A weekend trip to a home furnishing shop led to my gazing at
a display of artificial flowers – yes, you can now find fake horse chestnut
branches, free of bleeding cankers, with spiky capsules and all. However,
looking at the limited selection of roses, I thought to myself, “if you can’t
make real blue roses, how come you can’t buy a fake one?”
Blue roses, something never found in nature, are desirable
precisely because they are unattainable: in Chinese folklore, the idea of them
are used to signify unrequited love, while in the western world, mystery, the
impossible, and quests for the impossible are often highlighted by the flower. These
ideas were formed at a time when the colour blue itself was very expensive, formed
using cobalt or lapis lazuli, and featuring rarely until synthetic dyes were
introduced in the 19th century. Rudyard Kipling’s poem “Blue Roses”
depicts a man’s “idle quest” across the world to find the roses his love truly
wants, despite being able to freely pick red and white ones – when he finally
returns, she has died: “It may be beyond the grave / She shall find what she
would have.”
So, if you have bought a blue rose, it will have been a
white rose dyed blue, unless you have come across “Applause,” a rose cultivated
after twenty years of research between the Australian company Florigene, and
Suntory, its Japanese parent company, more of which later. It appears to be as “blue”
as a blue greyhound – it is actually more lilac in appearance, and the research
on producing a bluer rose is ongoing. In the meantime, “Applause” is on general
sale as a luxury item, particularly geared towards a Japan, where “Ikebana,”
its tradition of flower arranging, is taught in schools.
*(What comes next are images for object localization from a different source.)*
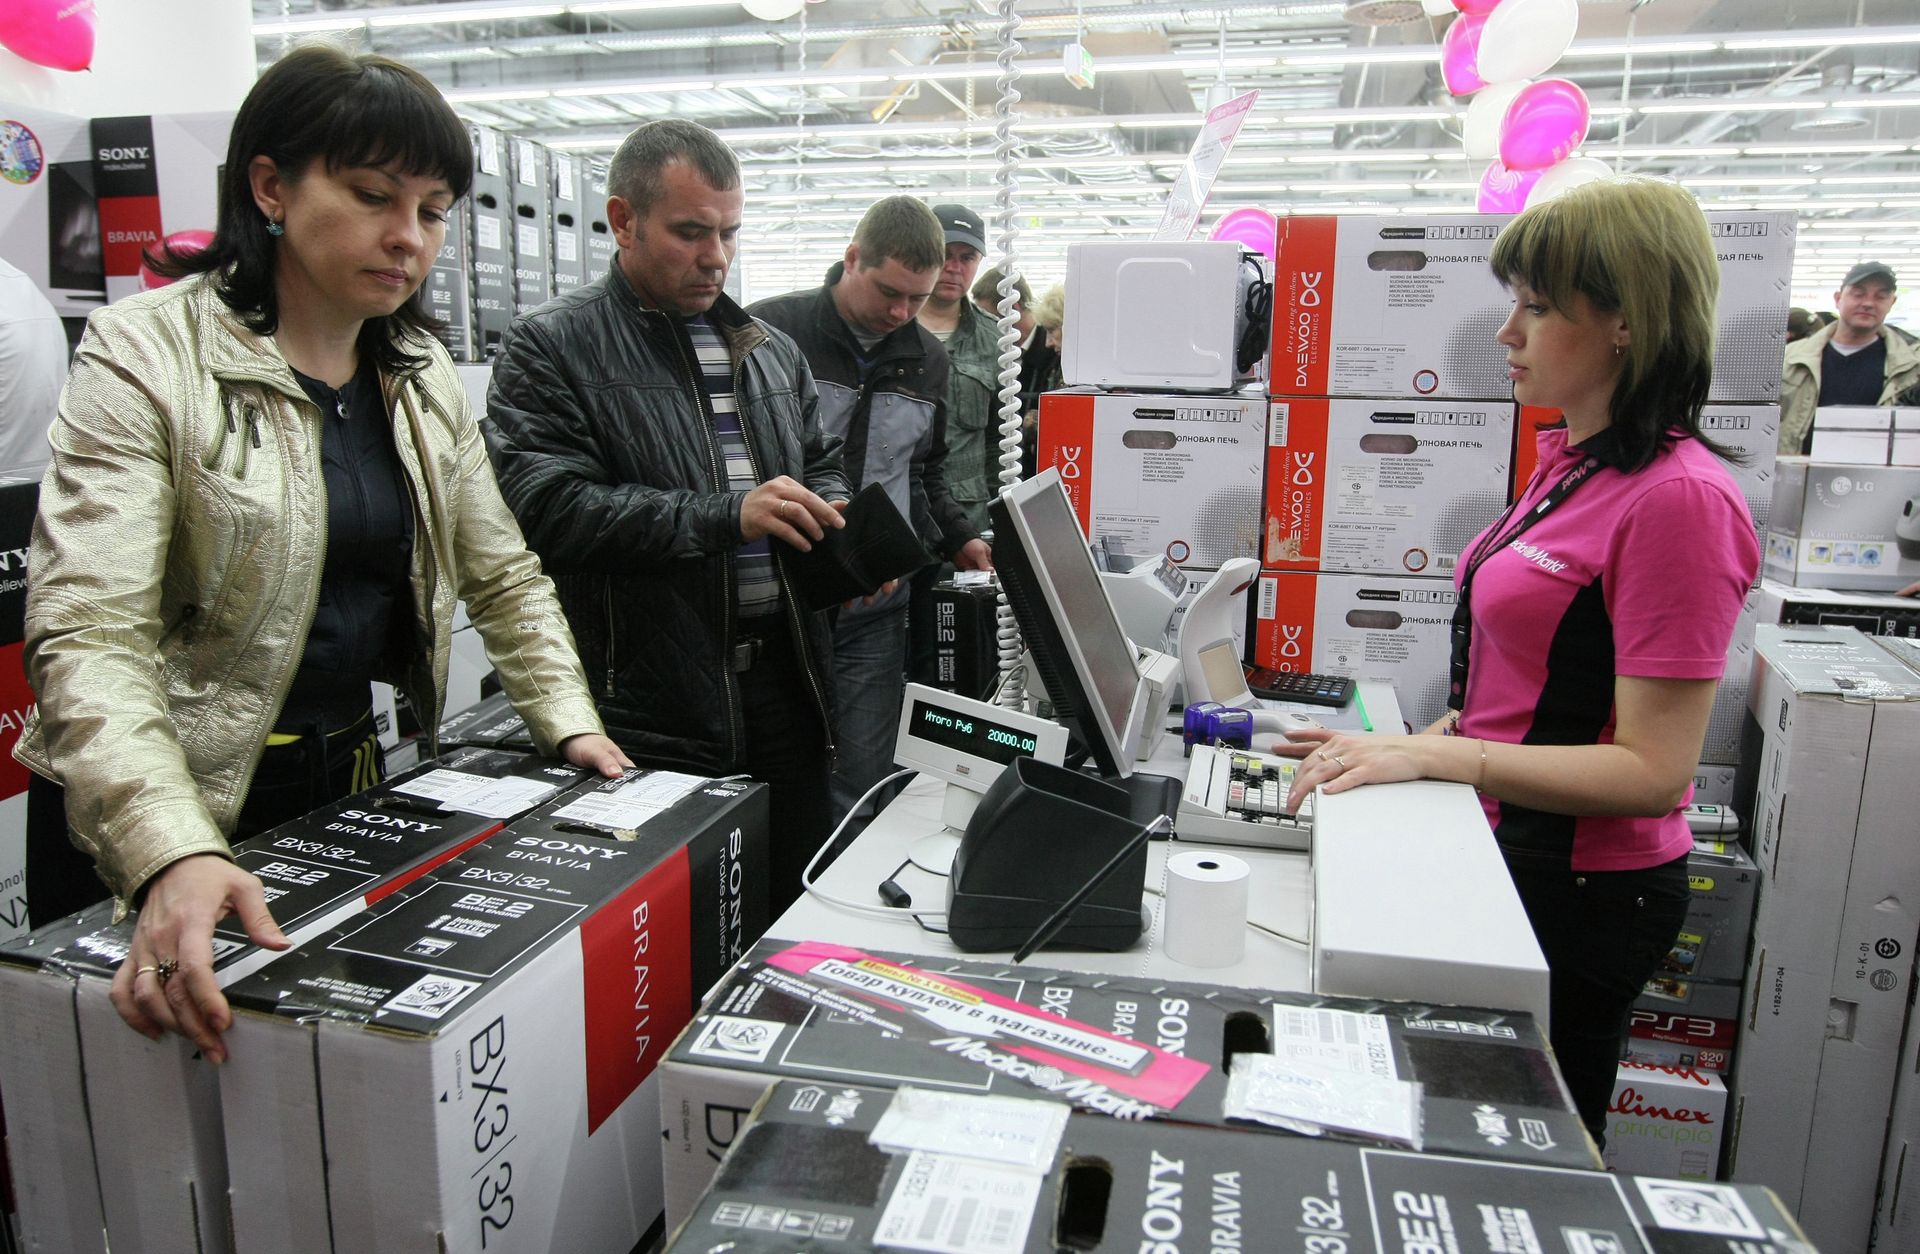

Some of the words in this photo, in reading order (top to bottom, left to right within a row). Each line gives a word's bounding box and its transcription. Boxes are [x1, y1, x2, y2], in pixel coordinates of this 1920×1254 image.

[99, 146, 149, 161] SONY
[107, 230, 157, 243] BRAVIA
[589, 238, 612, 250] SONY
[475, 262, 504, 275] SONY
[1738, 253, 1764, 262] ПЕЧЬ
[516, 268, 542, 281] SONY
[555, 273, 578, 285] SONY
[1286, 308, 1297, 353] Designing
[1310, 312, 1319, 364] ELECTRONICS
[1296, 312, 1311, 387] DAEWOO
[1217, 436, 1239, 444] ПЕЧЬ
[1460, 440, 1482, 448] ПЕЧЬ
[1724, 443, 1746, 454] ЕЧЬ
[1282, 450, 1290, 490] Excellence
[1856, 481, 1874, 492] LG
[1280, 490, 1290, 530] Designing
[1303, 491, 1312, 541] ELECTRONICS
[1809, 528, 1849, 539] Vacuum
[1851, 530, 1885, 540] Cleaner
[1530, 550, 1569, 573] Markt
[925, 710, 952, 727] Итого
[956, 719, 973, 734] Руб
[988, 728, 1035, 752] 20000.00
[325, 822, 403, 843] BRAVIA
[338, 810, 442, 833] SONY
[514, 836, 628, 860] SONY
[506, 850, 592, 872] BRAVIA
[728, 826, 743, 963] SONY
[451, 902, 484, 912] BRAVIA
[484, 906, 523, 920] ENGINE
[719, 847, 728, 967] make.believe
[454, 916, 501, 930] Intelligent
[864, 960, 904, 978] Цены
[632, 900, 651, 1064] BRAVIA
[820, 962, 884, 987] Товар
[886, 984, 967, 1014] куплен
[969, 1010, 982, 1018] в
[1772, 966, 1786, 1016] 4-182-957-04
[1112, 1000, 1138, 1040] BRA
[1630, 1010, 1716, 1037] PS3
[1700, 1050, 1724, 1063] 320
[930, 1036, 1034, 1080] Media
[1050, 1077, 1155, 1121] Markt
[1614, 1120, 1712, 1147] principio
The strangest aspect of this rose is the presence of
Suntory, as its company in the UK is known as Lucozade Ribena Suntory – in
January 2014, it bought the drinks division of GlaxoSmithKline, minus Horlicks,
which the British pharmaceutical company opted to keep. Suntory began as the
name of a whisky, but now own brands such as Jim Beam, Teacher’s whisky,
Courvoisier brandy, and Orangina. Suntory owns the vineyard Château
Lagrange, in Bordeaux, where a high percentage of the grapes planet are
cabernet sauvignon – delphinidin, the blue pigment in this type of grape, was
transferred to “Applause.” Meanwhile, Suntory’s business as the exclusive
Japanese bottler and distributor for Pepsi has made its way into the anime
version of the manga series “Tiger & Bunny,” where its superhero characters
receive on-screen sponsorship by real-life companies – the character sponsored by Pepsi is named “Blue
Rose,” which I have concluded is a happy accident.